Functions of double‐negative B cells in autoimmune diseases, infections, and cancers
Michael King Yung Chung, Lanqi Gong, Dora Lai‐Wan Kwong, Victor Lee, Anne W.M. Lee, Xin‐Yuan Guan, Ngar‐Woon Kam, Wei Dai
Abstract
Abstract Most mature B cells can be divided into four subtypes based on the expression of the surface markers IgD and CD27: IgD + CD27 − naïve B cells, IgD + CD27 + unswitched memory B cells, IgD − CD27 + switched memory B cells, and IgD − CD27 − double‐negative (DN) B cells. Despite their small population size in normal peripheral blood, DN B cells play integral roles in various diseases.
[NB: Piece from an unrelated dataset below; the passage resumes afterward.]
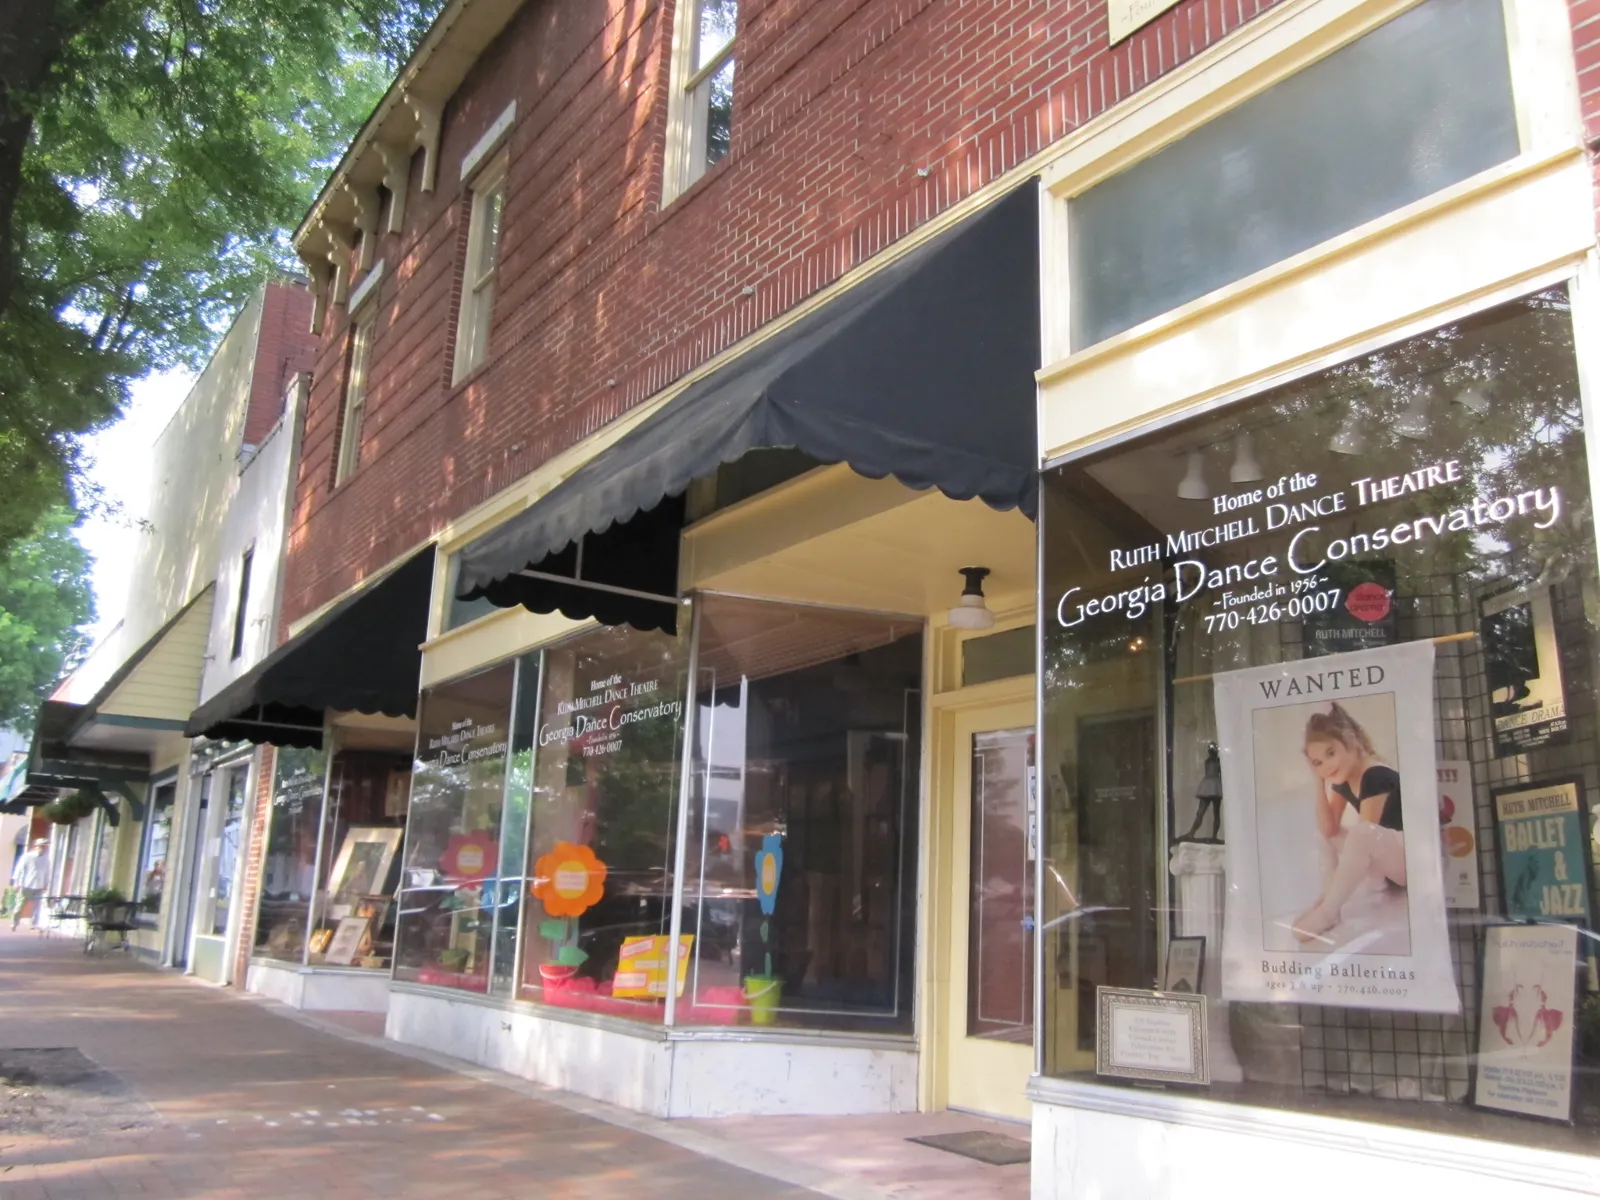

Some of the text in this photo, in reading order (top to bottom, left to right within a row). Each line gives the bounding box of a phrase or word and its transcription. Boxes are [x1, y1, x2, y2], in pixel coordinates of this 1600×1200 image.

For example, they generate autoimmunity in autoimmune conditions, while these cells may generate both autoimmune and antipathogenic responses in COVID‐19, or act in a purely antipathogenic capacity in malaria. Recently, DN B cells have been identified in nasopharyngeal carcinoma and non‐small‐cell lung cancers, where they may play an immunosuppressive role. The distinct functions that DN B cells play in different diseases suggest that they are a heterogeneous B‐cell population. Therefore, further study of the mechanisms underlying the involvement of DN B cells in these diseases is essential for understanding their pathogenesis and the development of therapeutic strategies. Further research is thus warranted to characterize the DN B‐cell population in detail.